Wednesday 19 December 2012

The paradox of blessedness


Mary Visits Elizabeth
 
39At that time Mary got ready and hurried to a town in the hill country of Judea, 40where she entered Zechariah's home and greeted Elizabeth. 41When Elizabeth heard Mary's greeting, the baby leaped in her womb, and Elizabeth was filled with the Holy Spirit. 42In a loud voice she exclaimed: "Blessed are you among women, and blessed is the child you will bear! 43But why am I so favoured, that the mother of my Lord should come to me? 44As soon as the sound of your greeting reached my ears, the baby in my womb leaped for joy. 45Blessed is she who has believed that what the Lord has said to her will be accomplished!"


William Barclay discribes this passage as as a "lyrical song on the blessedness of Mary". In the life of Mary we see the paradox of blessedness. Mary was granted the blessedness of being the mother of Jesus, the Son of God. And her heart
was filled with a wonderful, trembling joy at such a great privilege. Yet that privilege and that blessedness was to be the sword to pierce her heart. It meant that one day she would see her son hanging on a cross.


To be chosen by God so often means at one and the same time a crown of joy and a cross of sorrow. I suppose brother that the piercing truth is that God does not choose us for a life of ease and comfort but for a task that will take all that the task throws at us - good or bad. God chooses us in order to use us. When Joan of Arc knew that her time was short she prayed, "I shall only last a year; use me as you can." When that is realised, the sorrows and hardships that serving God may bring are not matters for complaining; they are our glory, because all of it is endured for God.

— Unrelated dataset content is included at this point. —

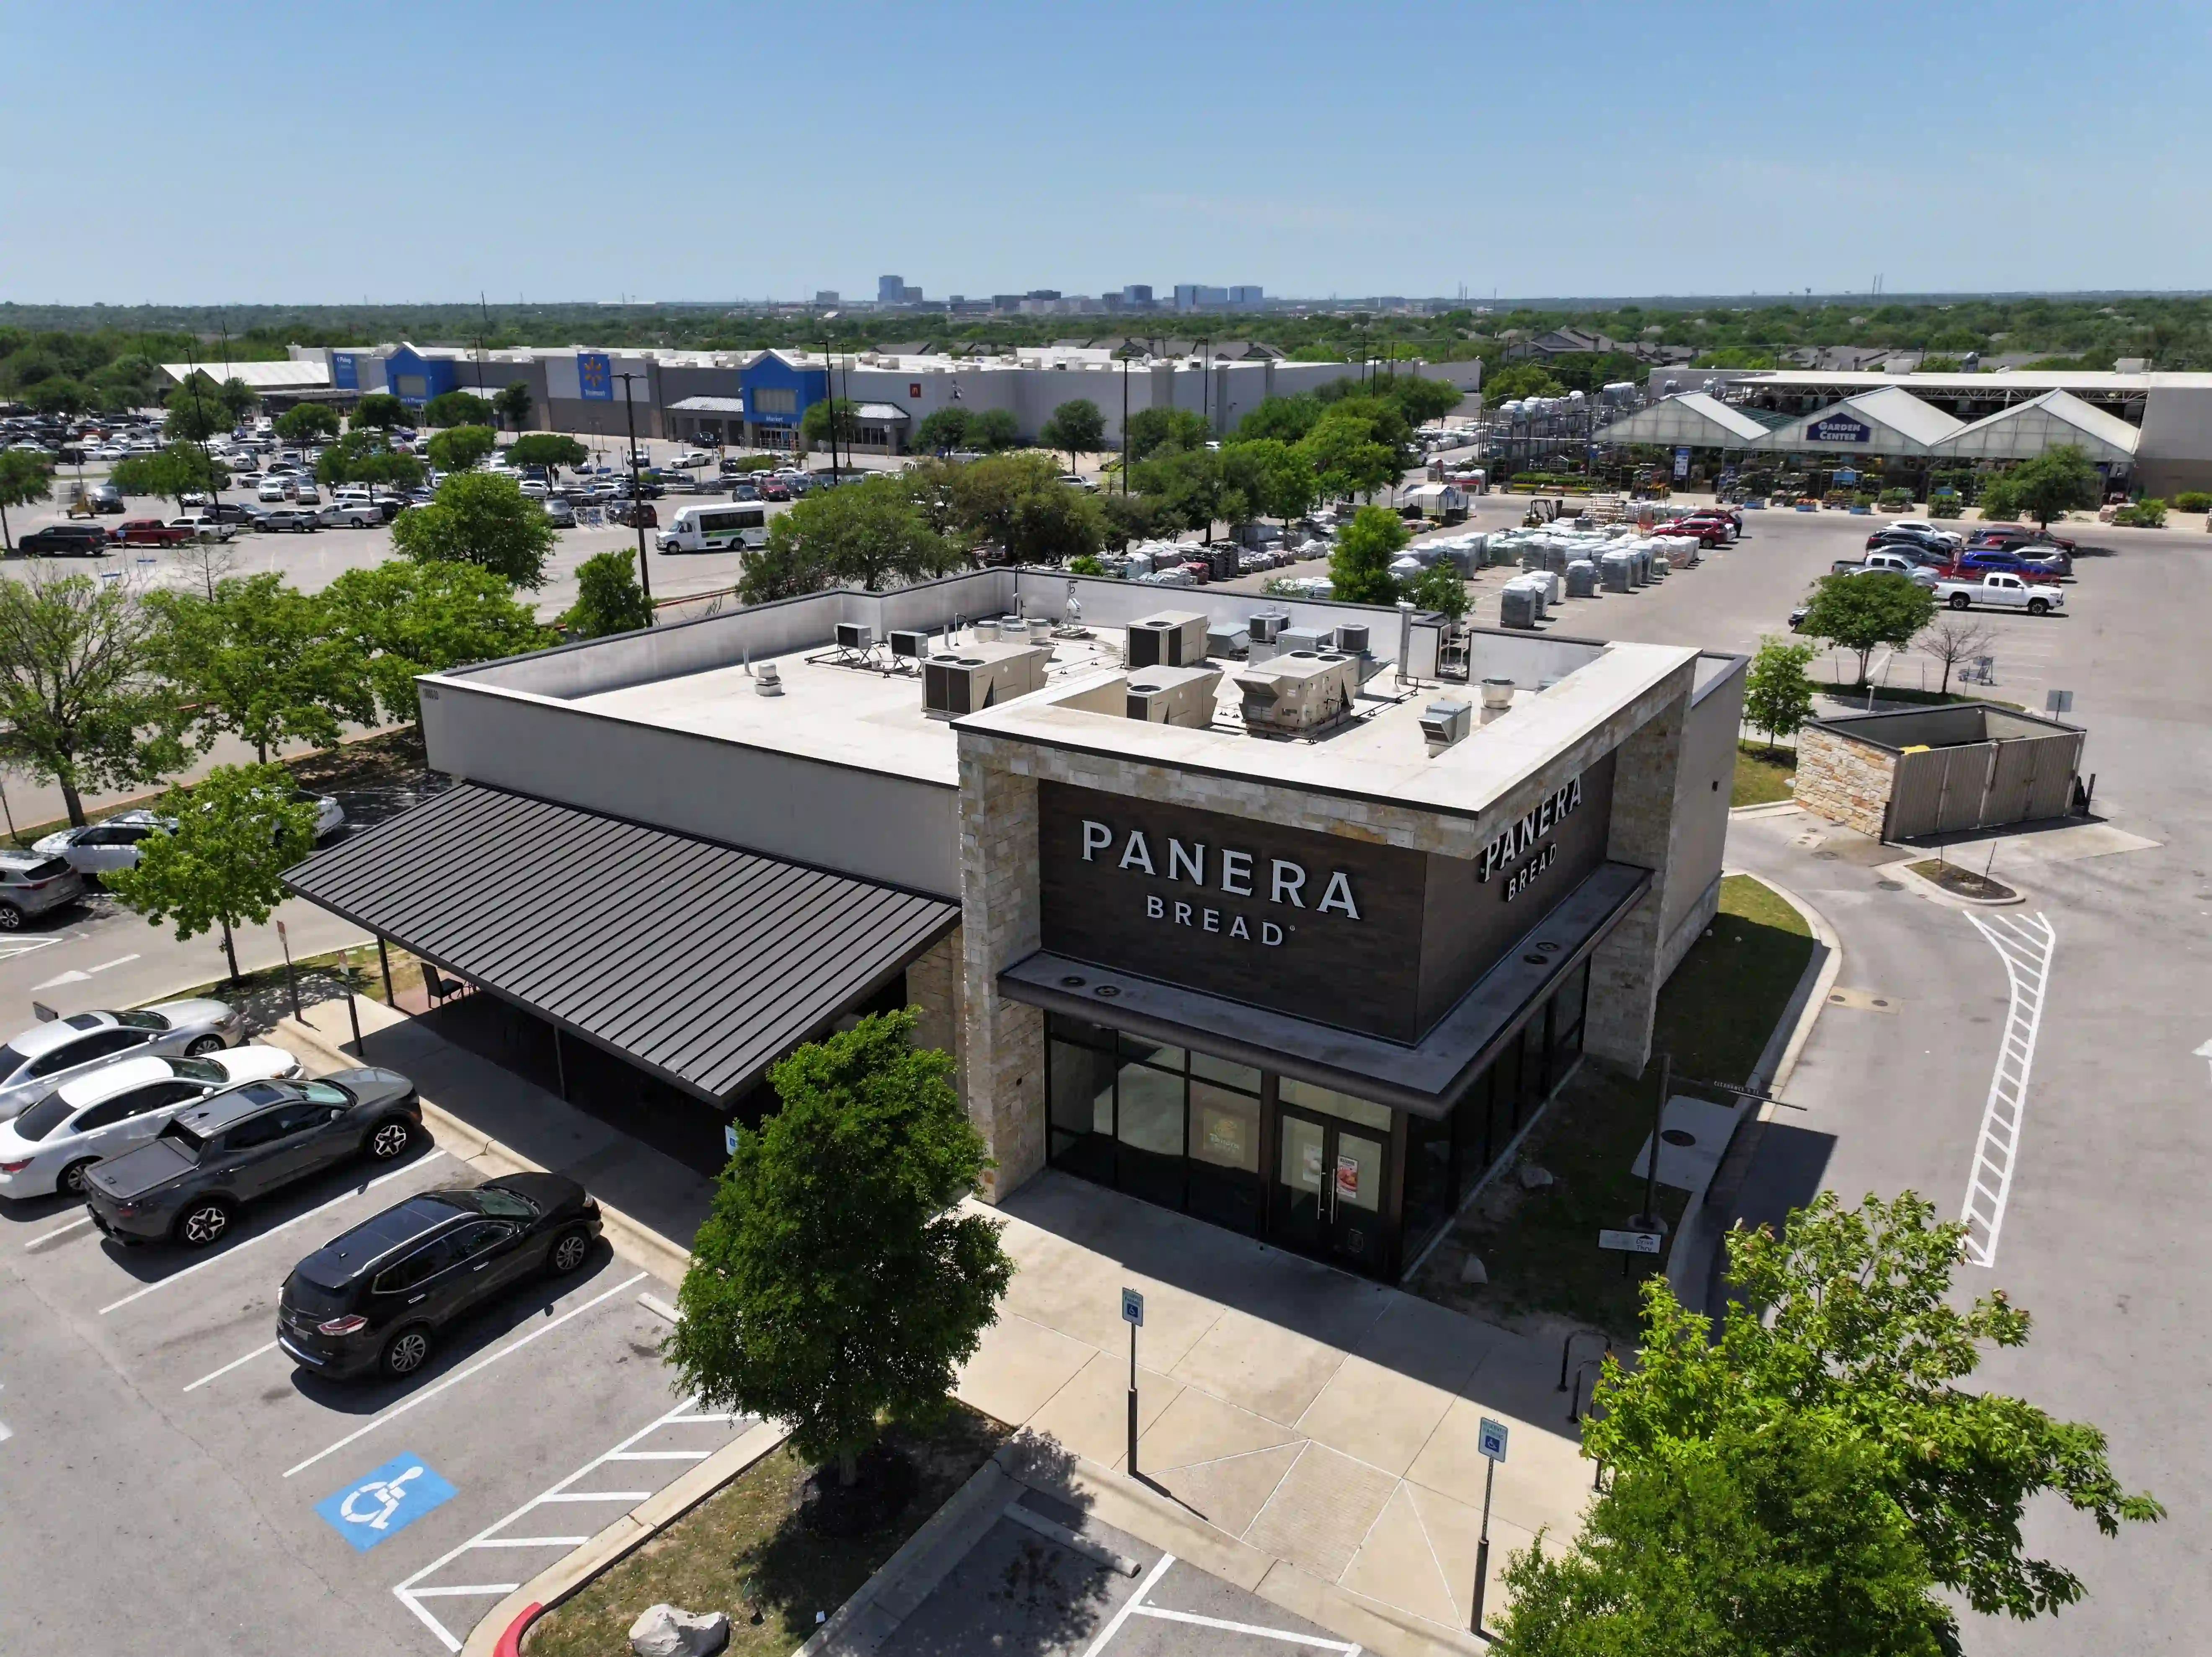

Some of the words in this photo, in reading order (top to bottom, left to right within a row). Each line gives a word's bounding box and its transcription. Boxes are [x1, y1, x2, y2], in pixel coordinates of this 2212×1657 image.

This paradox of blessedness is something we do not often think about. We instinctively think that when bad things happen, God has abandoned us or our faith has let us down. Dear old William Barclay tells of when Richard Cameron, the Covenanter, was caught by the Dragoons. They killed him. He had beautiful hands and they cut them off and sent them to his father with a message asking if he recognised them. “They are my son’s” he said. “my own dear son’s. Good is the will of the Lord who can never wrong me or mine.”

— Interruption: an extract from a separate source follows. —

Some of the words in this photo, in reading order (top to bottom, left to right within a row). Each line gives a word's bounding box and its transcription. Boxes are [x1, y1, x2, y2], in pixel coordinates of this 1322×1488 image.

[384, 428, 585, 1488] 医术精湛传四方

The shadows of life were lit by the sense that they too were in the plan of God. A great Spanish saint prayed for his people, “May God deny you peace and give you glory”. A great modern preacher said, “Jesus Christ came not to make life easy but to make men great.” “It is the paradox of blessedness”, says Barclay, “that it confers on a person at one and the same time the greatest joy and the greatest task in all the world”.


Then we move to the passage which has become one of the great hymns of the church – the Magnificat. It is full, saturated with the Old Testament; it’s a bit like Hannah’s song of praise in 1 Samuel 2:1-10. Brother, we know that some people still say that religion is the opiate of the people; but, as Stanley Jones said, “the Magnificat is the most revolutionary document in the world.”

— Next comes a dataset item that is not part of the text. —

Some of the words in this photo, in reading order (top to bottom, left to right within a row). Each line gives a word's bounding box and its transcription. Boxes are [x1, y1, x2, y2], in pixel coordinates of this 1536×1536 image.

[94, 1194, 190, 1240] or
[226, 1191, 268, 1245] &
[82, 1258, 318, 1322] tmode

It speaks of the three revolutions of God.
1. He has scattered those who are proud in their inmost thoughts. That is a moral revolution. Our faith means that we must put pride to death, difficult as that is. When we put our lives beside Jesus’ life it sucks the last vestiges of pride from us. Barclay mentions a short story by O. Henry about a boy who was brought up in a village. In school he used to sit beside a girl and they were fond of each other. Then he went into the city and fell into evil ways. He became a pickpocket and a petty thief. One day he snatched an old lady’s purse. It was clever work and he was pleased. And then he saw coming down the street the girl whom he used to know, still sweet with the radiance of innocence. Suddenly he saw himself for the cheap, vile person he was. Burning with shame, he leaned his head against the cool iron of a lamp standard. “God”, he said, “I wish I could die.” He saw himself. Jesus Christ enables us to see ourselves as we really are and it is the deathblow to pride. The moral revolution has begun.
The next revolution in the Magnificat is referred to in the phrase, "He has brought down rulers from their thrones but has lifted up the humble." That is a social revolution. Christianity puts an end to the world's labels and prestige. Barclay tells of Muretus, a wandering scholar in the Middle Ages. He was poor. In an Italian town he took ill and was taken to a hospital for waifs and strays. The doctors were discussing his case in Latin, never dreaming he could understand. They suggested that since he was such a worthless wanderer they might use him for medical experiments. He looked up and answered them in Latin, "Call no one worthless for whom Christ died."

 Brother, when we are reminded of what Jesus Christ has done for us it is no longer possible to speak about class distinctions. All distinctions have gone.
  
The final revolution in the Magnificat is contained in the words " He has filled the hungry with good things but has sent the rich away empty." This is an economic revolution. A Christian society should be the kind of place where no-one dares to have too much while others have to little. I wish I was more like that than I am. There is a loveliness in the Magnificat but there is also power - dynamite! Our Christian faith should trigger a revolution in each person and in the world but too often we loose sight of that message and get caught up in the daily grind of answering emails and attending meetings!